Shinar explains that Fundbox's decision engine is able to rapidly reconstruct a business's network, gathering not only its financials but social and public data – such as Yelp, LinkedIn, DMV, and other sources – to make a comprehensive assessment of its health and, ultimately, its likelihood of repayment.
Fundbox isn't the only company to take this sort of approach. LA-based FastPay uses a similar automated platform to lend against digital media receivables, while New York's CAN Capital offers a similar platform that competes with traditional SBA loans. On the consumer side, companies like Douglas Merrill's ZestFinance and Max Levchin's Affirm are using data to lend to sub-prime borrowers.
Of course, just because it's fast, doesn't mean that this type of money comes easy to business owners. In order to make informed lending decisions, Fundbox requires access to both company bank accounts, and the personal accounts of its executives. Shinar acknowledges potential privacy concerns, but maintains that no human sets eyes on this data -- they are analyzed solely by the algorithmic risk assessment engine. Additionally, he insists the information is kept in the most secure and encrypted manner possible.
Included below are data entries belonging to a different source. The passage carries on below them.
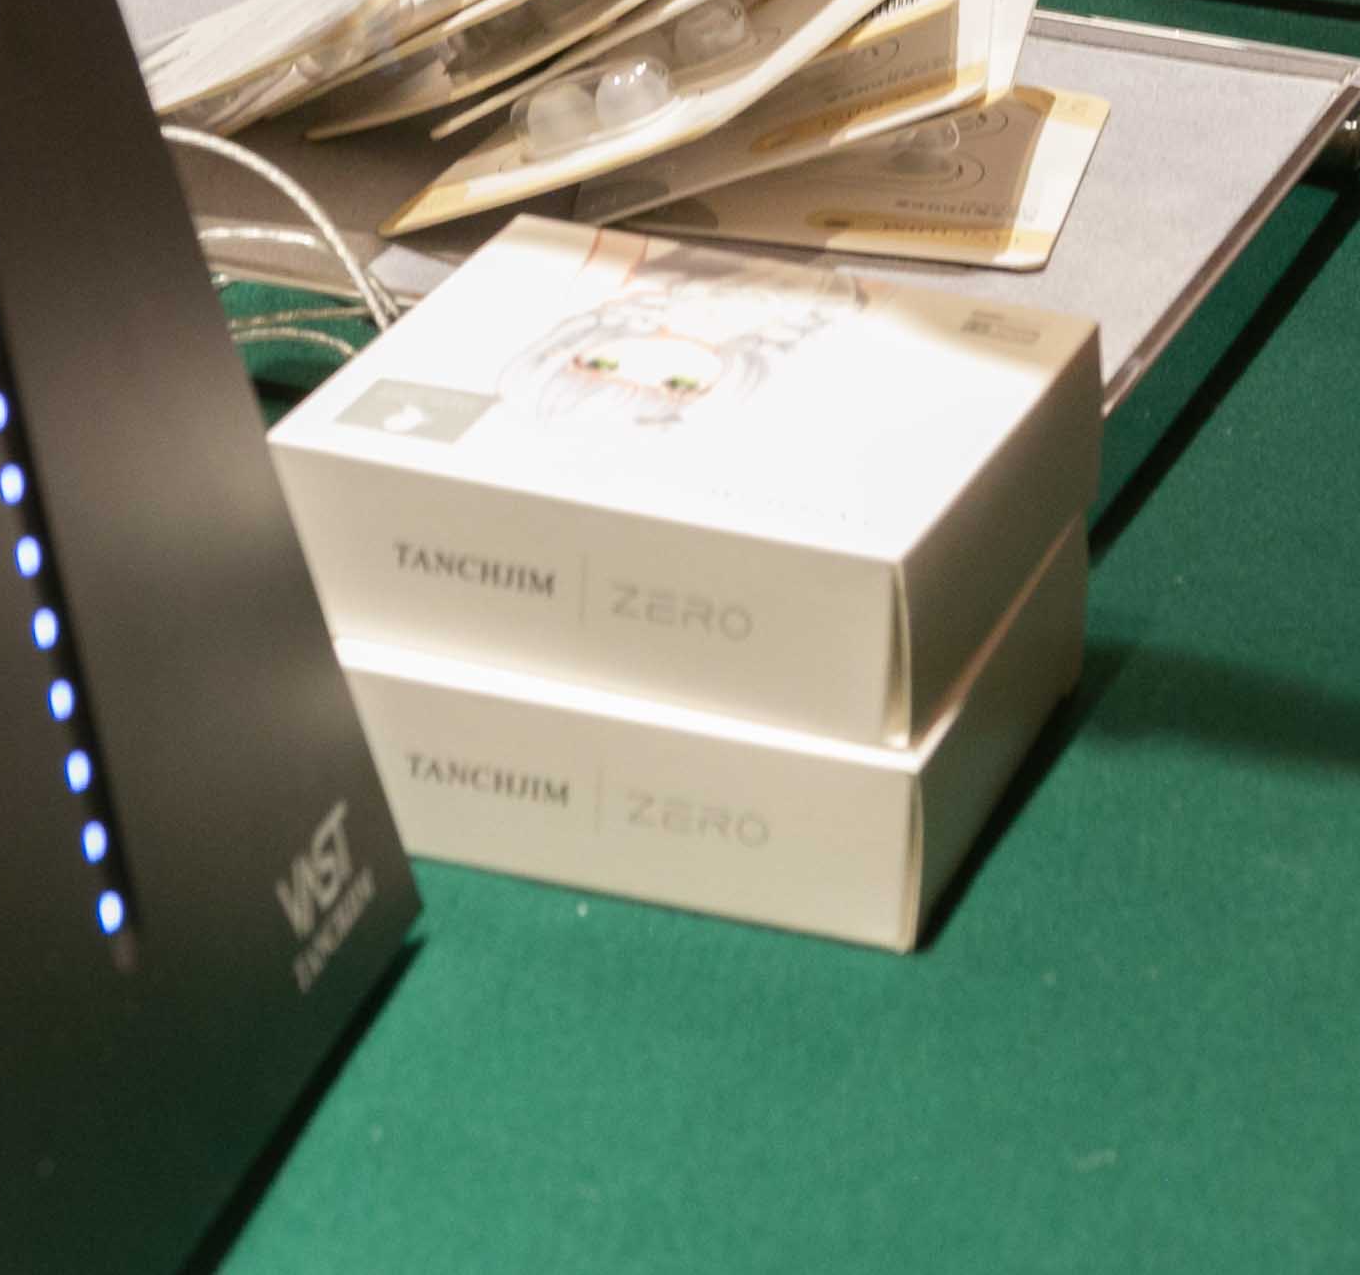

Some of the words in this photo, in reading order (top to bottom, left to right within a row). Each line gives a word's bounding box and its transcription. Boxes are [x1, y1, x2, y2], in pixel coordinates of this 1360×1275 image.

[393, 541, 557, 598] TANCHJIM
[610, 581, 754, 642] ZERO
[407, 752, 571, 808] TANCHJIM
[627, 790, 770, 848] ZERO
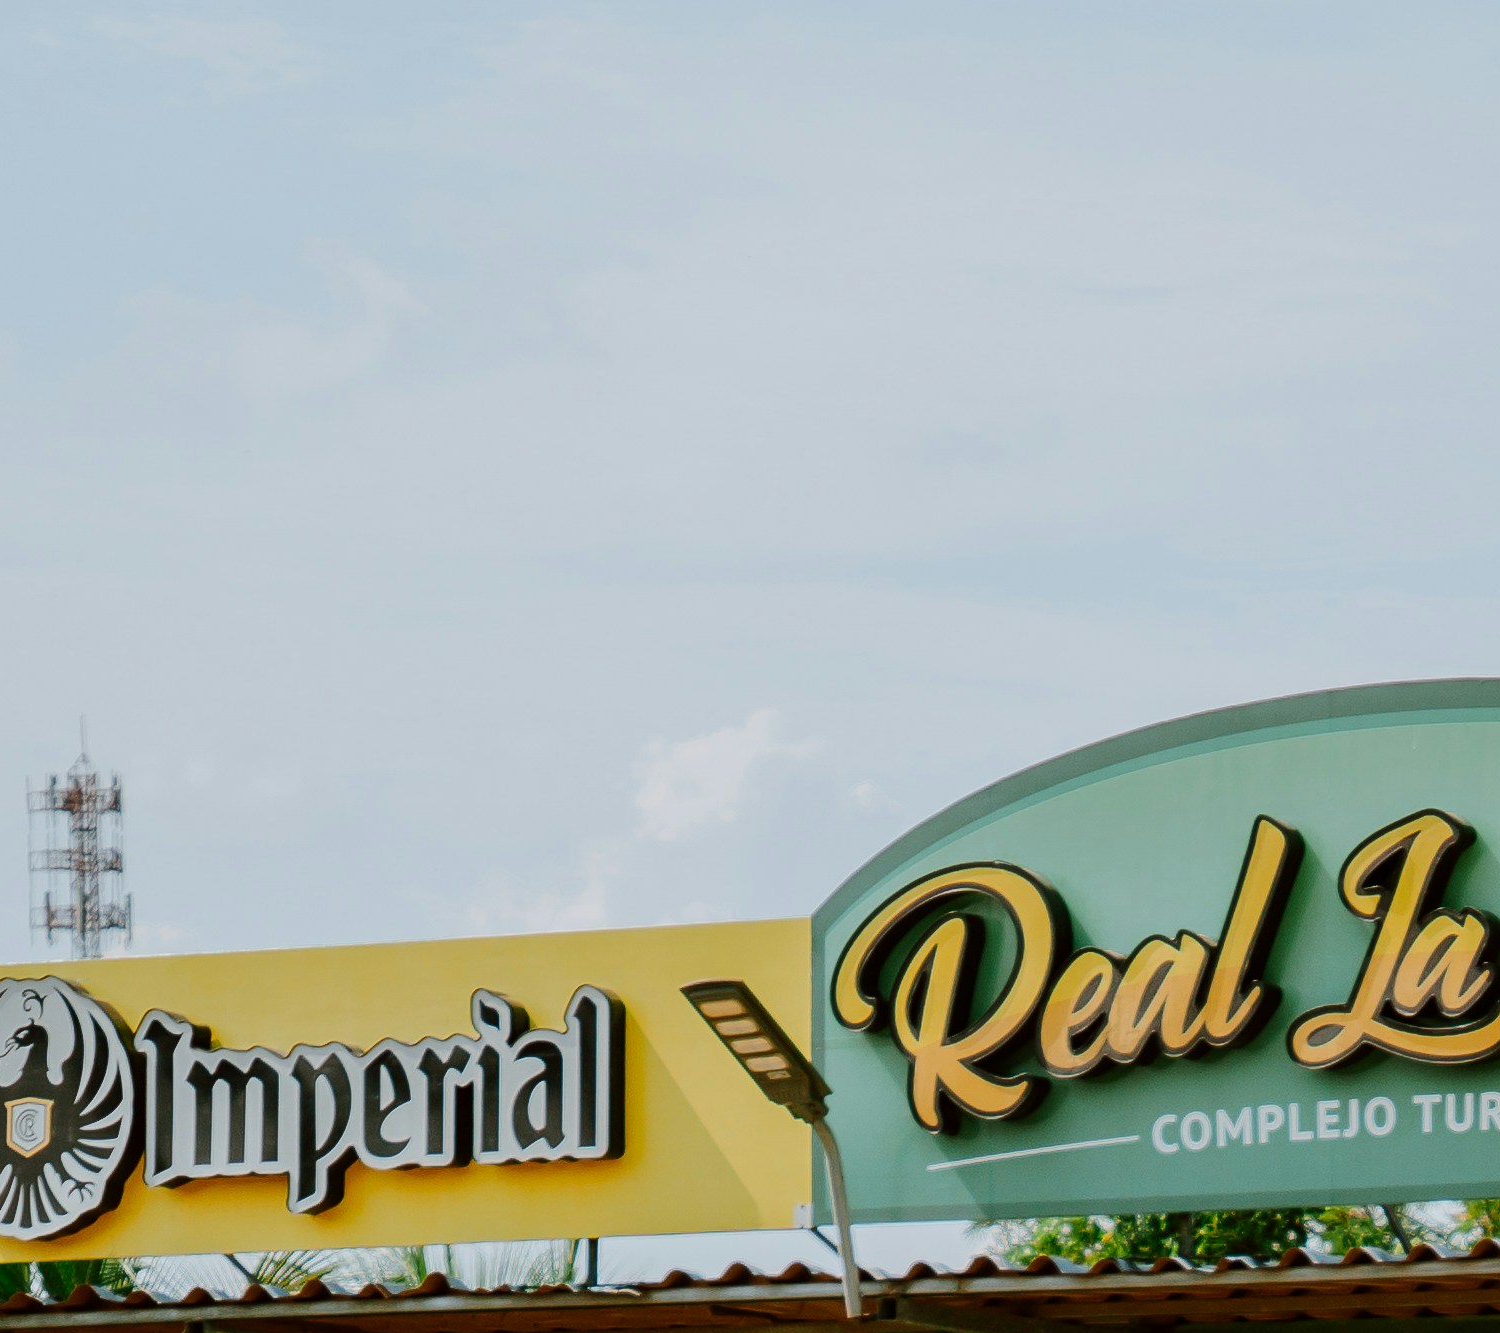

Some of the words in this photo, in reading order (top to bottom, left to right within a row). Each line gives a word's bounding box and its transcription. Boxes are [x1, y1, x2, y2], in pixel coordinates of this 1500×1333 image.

[833, 814, 1298, 1134] Real
[143, 988, 610, 1208] Imperial
[1150, 1094, 1398, 1155] COMPLEJO
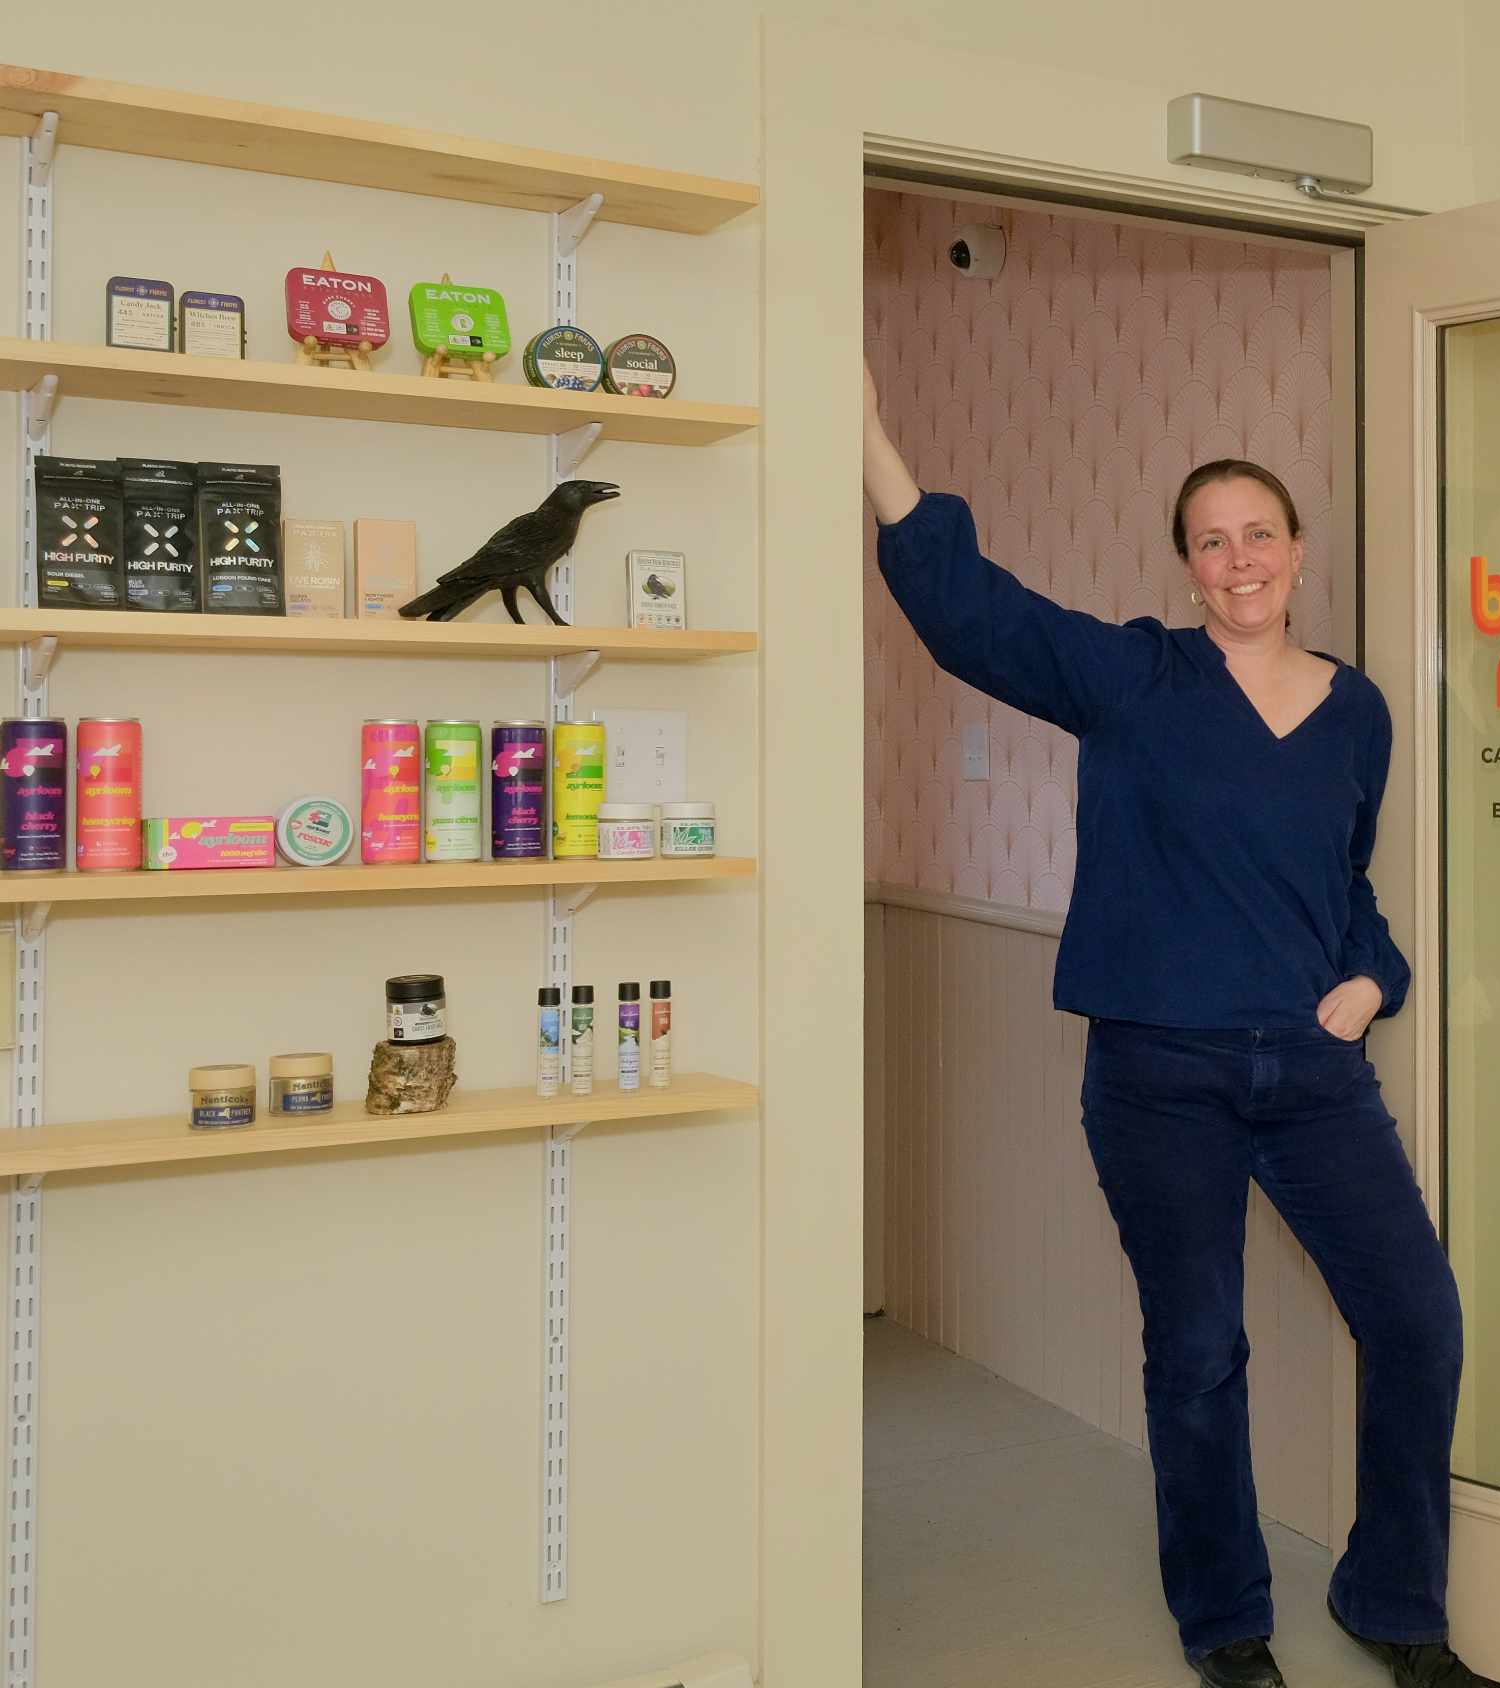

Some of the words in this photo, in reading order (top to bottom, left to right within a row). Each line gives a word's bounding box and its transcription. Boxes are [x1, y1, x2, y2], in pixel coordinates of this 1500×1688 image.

"All the decisions are based on numbers," says the CEO, adding that the Fundbox engine makes the correct decision 99 percent of the time. It sounds good, but how he calculates that figure is another matter. Of course, not every loan application gets accepted, according to Shinar, who says that his service declines 60 percent of the invoices submitted. That means that a single borrower can have one invoice accepted and another rejected, a fact that's explained, in part, by the health of the invoice counterparty. If it's Pepsi that owes you money, they're likely good for it, but Bob's Hardware, maybe less so.
Fundbox charges a nominal fee of no more than $72 per invoice financed. The company claims that it has grown thousands of borrowers across 42 states within just a few months. Given this initial success, Fundbox plans to use its new capital to double down on what's working by growing its team to accommodate greater lending scale. The company is, after all, looking to tap what amounts to a $72 million B2B payments market.
The next year will be Fundbox's real test. It still needs to prove that it can operate at scale without suffering an increase in default rates or untenable churn rates among existing customers. Shinar says the company's user base has grown triple digits month-over-month – something that's not that difficult to do when the starting number is miniscule. It likely won't maintain this pace forever, but it will be telling to see just how quickly it slows down after this "official launch" and the deployment of that $17 million in growth capital.